╭──

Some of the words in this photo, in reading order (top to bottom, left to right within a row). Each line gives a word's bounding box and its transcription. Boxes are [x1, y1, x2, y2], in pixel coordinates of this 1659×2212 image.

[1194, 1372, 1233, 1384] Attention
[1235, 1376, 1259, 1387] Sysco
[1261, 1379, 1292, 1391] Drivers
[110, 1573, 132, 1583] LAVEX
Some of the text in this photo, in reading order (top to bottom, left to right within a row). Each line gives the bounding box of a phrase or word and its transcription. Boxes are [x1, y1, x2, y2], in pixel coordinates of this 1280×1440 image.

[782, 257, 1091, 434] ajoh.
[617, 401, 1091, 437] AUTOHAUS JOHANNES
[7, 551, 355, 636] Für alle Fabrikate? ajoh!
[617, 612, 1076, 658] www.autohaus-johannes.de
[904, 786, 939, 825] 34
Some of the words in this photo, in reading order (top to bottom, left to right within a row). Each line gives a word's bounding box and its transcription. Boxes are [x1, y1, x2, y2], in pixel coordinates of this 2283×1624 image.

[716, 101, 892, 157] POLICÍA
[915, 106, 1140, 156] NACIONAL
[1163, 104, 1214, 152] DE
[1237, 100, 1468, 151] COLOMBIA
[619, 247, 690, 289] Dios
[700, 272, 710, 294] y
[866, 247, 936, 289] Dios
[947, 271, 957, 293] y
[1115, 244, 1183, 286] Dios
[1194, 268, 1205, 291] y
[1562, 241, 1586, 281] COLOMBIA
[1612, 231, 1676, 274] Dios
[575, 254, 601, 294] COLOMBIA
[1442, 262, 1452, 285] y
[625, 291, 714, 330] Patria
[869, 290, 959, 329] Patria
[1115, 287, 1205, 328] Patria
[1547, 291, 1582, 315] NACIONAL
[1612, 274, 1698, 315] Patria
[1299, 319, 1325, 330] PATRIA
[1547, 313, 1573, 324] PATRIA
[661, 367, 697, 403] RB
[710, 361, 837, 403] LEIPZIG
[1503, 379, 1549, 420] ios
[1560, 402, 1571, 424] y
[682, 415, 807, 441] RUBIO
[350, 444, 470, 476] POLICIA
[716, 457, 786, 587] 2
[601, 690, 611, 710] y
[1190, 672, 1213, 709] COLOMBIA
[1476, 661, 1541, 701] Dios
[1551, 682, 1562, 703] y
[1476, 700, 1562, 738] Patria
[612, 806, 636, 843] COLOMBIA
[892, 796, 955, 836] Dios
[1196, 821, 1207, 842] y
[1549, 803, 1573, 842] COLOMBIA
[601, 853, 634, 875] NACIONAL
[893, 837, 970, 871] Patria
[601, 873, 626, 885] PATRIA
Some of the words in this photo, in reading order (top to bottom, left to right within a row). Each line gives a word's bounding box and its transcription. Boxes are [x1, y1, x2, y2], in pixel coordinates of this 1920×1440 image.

╰──

**Requirement:**
Print the entire set of records again, exactly.

**Response to the exercise:**
Some of the words in this photo, in reading order (top to bottom, left to right within a row). Each line gives a word's bounding box and its transcription. Boxes are [x1, y1, x2, y2], in pixel coordinates of this 1659×2212 image.

[1194, 1372, 1233, 1384] Attention
[1235, 1376, 1259, 1387] Sysco
[1261, 1379, 1292, 1391] Drivers
[110, 1573, 132, 1583] LAVEX
Some of the text in this photo, in reading order (top to bottom, left to right within a row). Each line gives the bounding box of a phrase or word and its transcription. Boxes are [x1, y1, x2, y2], in pixel coordinates of this 1280×1440 image.

[782, 257, 1091, 434] ajoh.
[617, 401, 1091, 437] AUTOHAUS JOHANNES
[7, 551, 355, 636] Für alle Fabrikate? ajoh!
[617, 612, 1076, 658] www.autohaus-johannes.de
[904, 786, 939, 825] 34
Some of the words in this photo, in reading order (top to bottom, left to right within a row). Each line gives a word's bounding box and its transcription. Boxes are [x1, y1, x2, y2], in pixel coordinates of this 2283×1624 image.

[716, 101, 892, 157] POLICÍA
[915, 106, 1140, 156] NACIONAL
[1163, 104, 1214, 152] DE
[1237, 100, 1468, 151] COLOMBIA
[619, 247, 690, 289] Dios
[700, 272, 710, 294] y
[866, 247, 936, 289] Dios
[947, 271, 957, 293] y
[1115, 244, 1183, 286] Dios
[1194, 268, 1205, 291] y
[1562, 241, 1586, 281] COLOMBIA
[1612, 231, 1676, 274] Dios
[575, 254, 601, 294] COLOMBIA
[1442, 262, 1452, 285] y
[625, 291, 714, 330] Patria
[869, 290, 959, 329] Patria
[1115, 287, 1205, 328] Patria
[1547, 291, 1582, 315] NACIONAL
[1612, 274, 1698, 315] Patria
[1299, 319, 1325, 330] PATRIA
[1547, 313, 1573, 324] PATRIA
[661, 367, 697, 403] RB
[710, 361, 837, 403] LEIPZIG
[1503, 379, 1549, 420] ios
[1560, 402, 1571, 424] y
[682, 415, 807, 441] RUBIO
[350, 444, 470, 476] POLICIA
[716, 457, 786, 587] 2
[601, 690, 611, 710] y
[1190, 672, 1213, 709] COLOMBIA
[1476, 661, 1541, 701] Dios
[1551, 682, 1562, 703] y
[1476, 700, 1562, 738] Patria
[612, 806, 636, 843] COLOMBIA
[892, 796, 955, 836] Dios
[1196, 821, 1207, 842] y
[1549, 803, 1573, 842] COLOMBIA
[601, 853, 634, 875] NACIONAL
[893, 837, 970, 871] Patria
[601, 873, 626, 885] PATRIA
Some of the words in this photo, in reading order (top to bottom, left to right within a row). Each line gives a word's bounding box and its transcription. Boxes are [x1, y1, x2, y2], in pixel coordinates of this 1920×1440 image.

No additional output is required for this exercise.